**Records for the exercise:**
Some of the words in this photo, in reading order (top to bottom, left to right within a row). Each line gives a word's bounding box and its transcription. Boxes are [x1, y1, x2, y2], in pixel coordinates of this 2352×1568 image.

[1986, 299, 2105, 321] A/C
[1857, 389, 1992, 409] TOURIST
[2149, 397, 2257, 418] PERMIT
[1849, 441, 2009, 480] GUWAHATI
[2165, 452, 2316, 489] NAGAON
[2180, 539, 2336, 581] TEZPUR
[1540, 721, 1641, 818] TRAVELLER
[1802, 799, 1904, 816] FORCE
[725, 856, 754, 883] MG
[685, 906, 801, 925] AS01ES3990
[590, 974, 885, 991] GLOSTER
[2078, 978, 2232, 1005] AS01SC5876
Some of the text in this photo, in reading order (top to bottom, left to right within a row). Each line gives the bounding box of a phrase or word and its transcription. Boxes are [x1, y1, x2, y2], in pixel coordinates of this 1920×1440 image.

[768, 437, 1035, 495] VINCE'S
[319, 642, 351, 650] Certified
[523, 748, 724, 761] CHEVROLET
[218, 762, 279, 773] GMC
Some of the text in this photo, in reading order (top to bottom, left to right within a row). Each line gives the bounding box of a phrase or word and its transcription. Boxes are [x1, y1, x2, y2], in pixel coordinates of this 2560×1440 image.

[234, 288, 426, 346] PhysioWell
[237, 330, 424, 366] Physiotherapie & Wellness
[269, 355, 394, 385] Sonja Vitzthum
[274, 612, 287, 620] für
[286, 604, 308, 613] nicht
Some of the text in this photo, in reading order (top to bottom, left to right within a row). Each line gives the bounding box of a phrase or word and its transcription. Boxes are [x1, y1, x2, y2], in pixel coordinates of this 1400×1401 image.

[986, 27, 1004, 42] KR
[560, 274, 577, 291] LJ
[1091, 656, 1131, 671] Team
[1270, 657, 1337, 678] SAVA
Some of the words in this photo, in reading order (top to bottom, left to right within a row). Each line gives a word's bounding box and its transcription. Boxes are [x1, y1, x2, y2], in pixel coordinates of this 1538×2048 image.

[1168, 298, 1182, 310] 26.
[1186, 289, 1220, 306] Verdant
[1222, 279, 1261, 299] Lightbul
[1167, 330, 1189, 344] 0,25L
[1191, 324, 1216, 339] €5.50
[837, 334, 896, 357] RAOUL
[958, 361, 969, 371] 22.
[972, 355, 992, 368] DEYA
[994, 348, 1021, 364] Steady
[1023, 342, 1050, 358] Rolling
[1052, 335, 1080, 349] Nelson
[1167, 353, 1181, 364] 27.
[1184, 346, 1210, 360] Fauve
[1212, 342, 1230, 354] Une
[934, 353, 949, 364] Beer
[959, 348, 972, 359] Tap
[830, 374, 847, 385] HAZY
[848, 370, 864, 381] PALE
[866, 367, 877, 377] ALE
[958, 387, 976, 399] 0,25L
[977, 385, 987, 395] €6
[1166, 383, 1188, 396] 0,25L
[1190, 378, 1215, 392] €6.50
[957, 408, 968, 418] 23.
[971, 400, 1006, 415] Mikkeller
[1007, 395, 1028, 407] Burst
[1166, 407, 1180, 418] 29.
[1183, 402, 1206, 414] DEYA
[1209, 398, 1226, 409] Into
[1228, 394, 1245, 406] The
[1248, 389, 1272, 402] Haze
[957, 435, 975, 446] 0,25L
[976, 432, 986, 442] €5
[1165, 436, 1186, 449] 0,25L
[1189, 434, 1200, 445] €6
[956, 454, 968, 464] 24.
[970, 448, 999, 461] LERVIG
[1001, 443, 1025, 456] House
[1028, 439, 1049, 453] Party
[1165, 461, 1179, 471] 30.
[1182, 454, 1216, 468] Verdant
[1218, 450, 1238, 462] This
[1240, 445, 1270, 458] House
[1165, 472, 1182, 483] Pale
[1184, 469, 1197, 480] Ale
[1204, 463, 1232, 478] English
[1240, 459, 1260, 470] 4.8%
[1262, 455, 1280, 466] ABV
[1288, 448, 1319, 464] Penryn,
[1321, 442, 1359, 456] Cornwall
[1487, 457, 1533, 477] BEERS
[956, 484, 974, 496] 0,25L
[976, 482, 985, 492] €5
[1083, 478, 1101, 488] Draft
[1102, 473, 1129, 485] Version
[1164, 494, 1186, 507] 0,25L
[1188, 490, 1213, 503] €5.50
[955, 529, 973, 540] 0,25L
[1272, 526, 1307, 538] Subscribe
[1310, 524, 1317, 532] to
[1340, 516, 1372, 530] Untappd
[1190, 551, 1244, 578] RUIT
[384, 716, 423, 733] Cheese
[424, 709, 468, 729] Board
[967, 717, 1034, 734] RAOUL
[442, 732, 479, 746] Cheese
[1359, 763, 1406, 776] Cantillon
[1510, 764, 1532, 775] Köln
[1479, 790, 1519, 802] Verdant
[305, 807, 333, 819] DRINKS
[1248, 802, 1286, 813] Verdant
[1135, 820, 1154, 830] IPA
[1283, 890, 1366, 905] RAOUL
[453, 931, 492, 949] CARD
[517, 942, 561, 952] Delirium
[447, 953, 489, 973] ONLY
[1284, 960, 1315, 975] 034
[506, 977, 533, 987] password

**Exercise requirements:** Word for word, return each of the entries.

**Reply:**
Some of the words in this photo, in reading order (top to bottom, left to right within a row). Each line gives a word's bounding box and its transcription. Boxes are [x1, y1, x2, y2], in pixel coordinates of this 2352×1568 image.

[1986, 299, 2105, 321] A/C
[1857, 389, 1992, 409] TOURIST
[2149, 397, 2257, 418] PERMIT
[1849, 441, 2009, 480] GUWAHATI
[2165, 452, 2316, 489] NAGAON
[2180, 539, 2336, 581] TEZPUR
[1540, 721, 1641, 818] TRAVELLER
[1802, 799, 1904, 816] FORCE
[725, 856, 754, 883] MG
[685, 906, 801, 925] AS01ES3990
[590, 974, 885, 991] GLOSTER
[2078, 978, 2232, 1005] AS01SC5876
Some of the text in this photo, in reading order (top to bottom, left to right within a row). Each line gives the bounding box of a phrase or word and its transcription. Boxes are [x1, y1, x2, y2], in pixel coordinates of this 1920×1440 image.

[768, 437, 1035, 495] VINCE'S
[319, 642, 351, 650] Certified
[523, 748, 724, 761] CHEVROLET
[218, 762, 279, 773] GMC
Some of the text in this photo, in reading order (top to bottom, left to right within a row). Each line gives the bounding box of a phrase or word and its transcription. Boxes are [x1, y1, x2, y2], in pixel coordinates of this 2560×1440 image.

[234, 288, 426, 346] PhysioWell
[237, 330, 424, 366] Physiotherapie & Wellness
[269, 355, 394, 385] Sonja Vitzthum
[274, 612, 287, 620] für
[286, 604, 308, 613] nicht
Some of the text in this photo, in reading order (top to bottom, left to right within a row). Each line gives the bounding box of a phrase or word and its transcription. Boxes are [x1, y1, x2, y2], in pixel coordinates of this 1400×1401 image.

[986, 27, 1004, 42] KR
[560, 274, 577, 291] LJ
[1091, 656, 1131, 671] Team
[1270, 657, 1337, 678] SAVA
Some of the words in this photo, in reading order (top to bottom, left to right within a row). Each line gives a word's bounding box and its transcription. Boxes are [x1, y1, x2, y2], in pixel coordinates of this 1538×2048 image.

[1168, 298, 1182, 310] 26.
[1186, 289, 1220, 306] Verdant
[1222, 279, 1261, 299] Lightbul
[1167, 330, 1189, 344] 0,25L
[1191, 324, 1216, 339] €5.50
[837, 334, 896, 357] RAOUL
[958, 361, 969, 371] 22.
[972, 355, 992, 368] DEYA
[994, 348, 1021, 364] Steady
[1023, 342, 1050, 358] Rolling
[1052, 335, 1080, 349] Nelson
[1167, 353, 1181, 364] 27.
[1184, 346, 1210, 360] Fauve
[1212, 342, 1230, 354] Une
[934, 353, 949, 364] Beer
[959, 348, 972, 359] Tap
[830, 374, 847, 385] HAZY
[848, 370, 864, 381] PALE
[866, 367, 877, 377] ALE
[958, 387, 976, 399] 0,25L
[977, 385, 987, 395] €6
[1166, 383, 1188, 396] 0,25L
[1190, 378, 1215, 392] €6.50
[957, 408, 968, 418] 23.
[971, 400, 1006, 415] Mikkeller
[1007, 395, 1028, 407] Burst
[1166, 407, 1180, 418] 29.
[1183, 402, 1206, 414] DEYA
[1209, 398, 1226, 409] Into
[1228, 394, 1245, 406] The
[1248, 389, 1272, 402] Haze
[957, 435, 975, 446] 0,25L
[976, 432, 986, 442] €5
[1165, 436, 1186, 449] 0,25L
[1189, 434, 1200, 445] €6
[956, 454, 968, 464] 24.
[970, 448, 999, 461] LERVIG
[1001, 443, 1025, 456] House
[1028, 439, 1049, 453] Party
[1165, 461, 1179, 471] 30.
[1182, 454, 1216, 468] Verdant
[1218, 450, 1238, 462] This
[1240, 445, 1270, 458] House
[1165, 472, 1182, 483] Pale
[1184, 469, 1197, 480] Ale
[1204, 463, 1232, 478] English
[1240, 459, 1260, 470] 4.8%
[1262, 455, 1280, 466] ABV
[1288, 448, 1319, 464] Penryn,
[1321, 442, 1359, 456] Cornwall
[1487, 457, 1533, 477] BEERS
[956, 484, 974, 496] 0,25L
[976, 482, 985, 492] €5
[1083, 478, 1101, 488] Draft
[1102, 473, 1129, 485] Version
[1164, 494, 1186, 507] 0,25L
[1188, 490, 1213, 503] €5.50
[955, 529, 973, 540] 0,25L
[1272, 526, 1307, 538] Subscribe
[1310, 524, 1317, 532] to
[1340, 516, 1372, 530] Untappd
[1190, 551, 1244, 578] RUIT
[384, 716, 423, 733] Cheese
[424, 709, 468, 729] Board
[967, 717, 1034, 734] RAOUL
[442, 732, 479, 746] Cheese
[1359, 763, 1406, 776] Cantillon
[1510, 764, 1532, 775] Köln
[1479, 790, 1519, 802] Verdant
[305, 807, 333, 819] DRINKS
[1248, 802, 1286, 813] Verdant
[1135, 820, 1154, 830] IPA
[1283, 890, 1366, 905] RAOUL
[453, 931, 492, 949] CARD
[517, 942, 561, 952] Delirium
[447, 953, 489, 973] ONLY
[1284, 960, 1315, 975] 034
[506, 977, 533, 987] password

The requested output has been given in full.